Dilute aqueous solutions of bovine serum albumin, lysozyme, chondroitin sulfate, and tRNA were measured by small-angle x-ray scattering. The scattering curves showed a single, broad peak as was observed for synthetic polyelectrolytes, indicating the presence of an ordered distribution of charged solutes. The intermolecular distance evaluated from the peak position (2Dexpt) increased with decreasing polymer concentration and with increasing salt concentration. Except for chondroitin sulfate, 2Dexpt values were nearly equal to the interparticle distance (2D0) calculated based on the assumption of a uniform distribution. The observed relationship between 2Dexpt and 2D0 was in agreement with the proposal that intermacroion attraction is weak for low-charge density particles under discussion. This attraction and repulsive interparticle interaction create a ‘‘secondary’’ minimum in the potential curve enabling ordering to take place. For tRNA, the scattering peak became lower with rising temperature.

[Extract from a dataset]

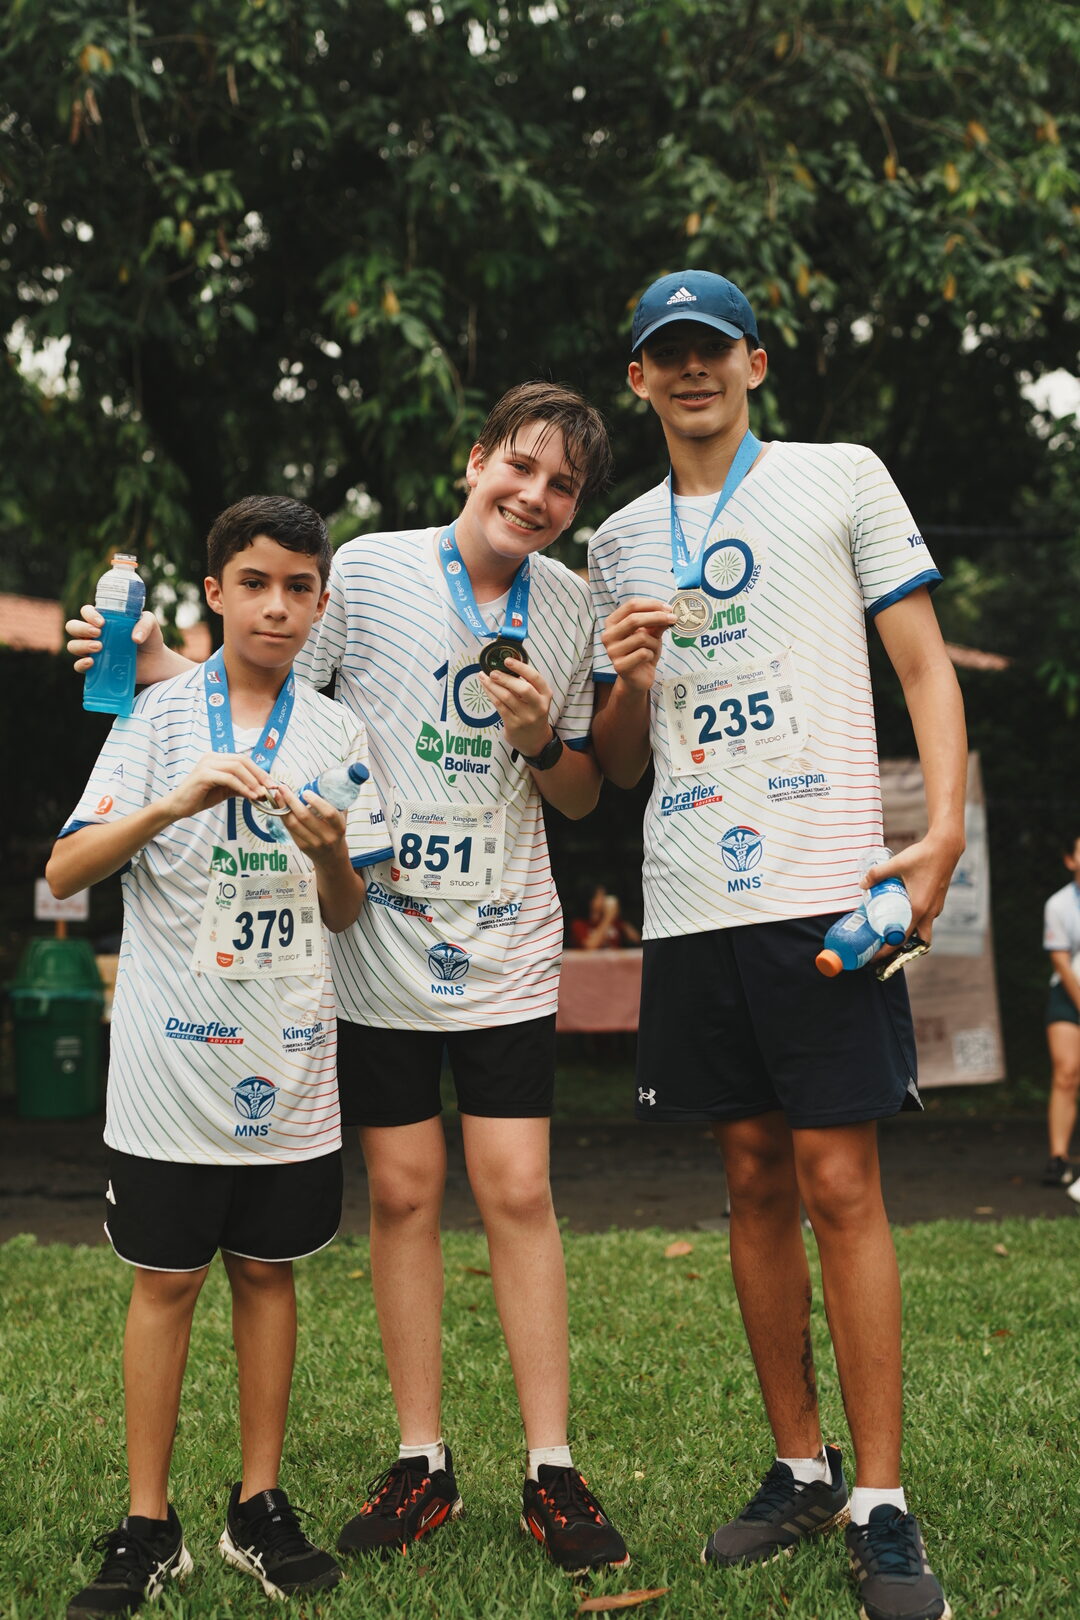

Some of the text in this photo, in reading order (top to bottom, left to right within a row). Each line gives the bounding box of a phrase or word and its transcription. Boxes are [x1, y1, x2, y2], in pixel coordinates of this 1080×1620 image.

The fact that only a single, broad peak could be observed was rationalized by invoking the concept of distortions of ordering particles such as the paracrystallinity, and the thermal motion and the crystalline size effect. The correlation hole theory based on repulsive interaction is critically discussed, particularly in light of the experimental fact that the peak position of albumin shifts toward wider angles with increasing number of charges.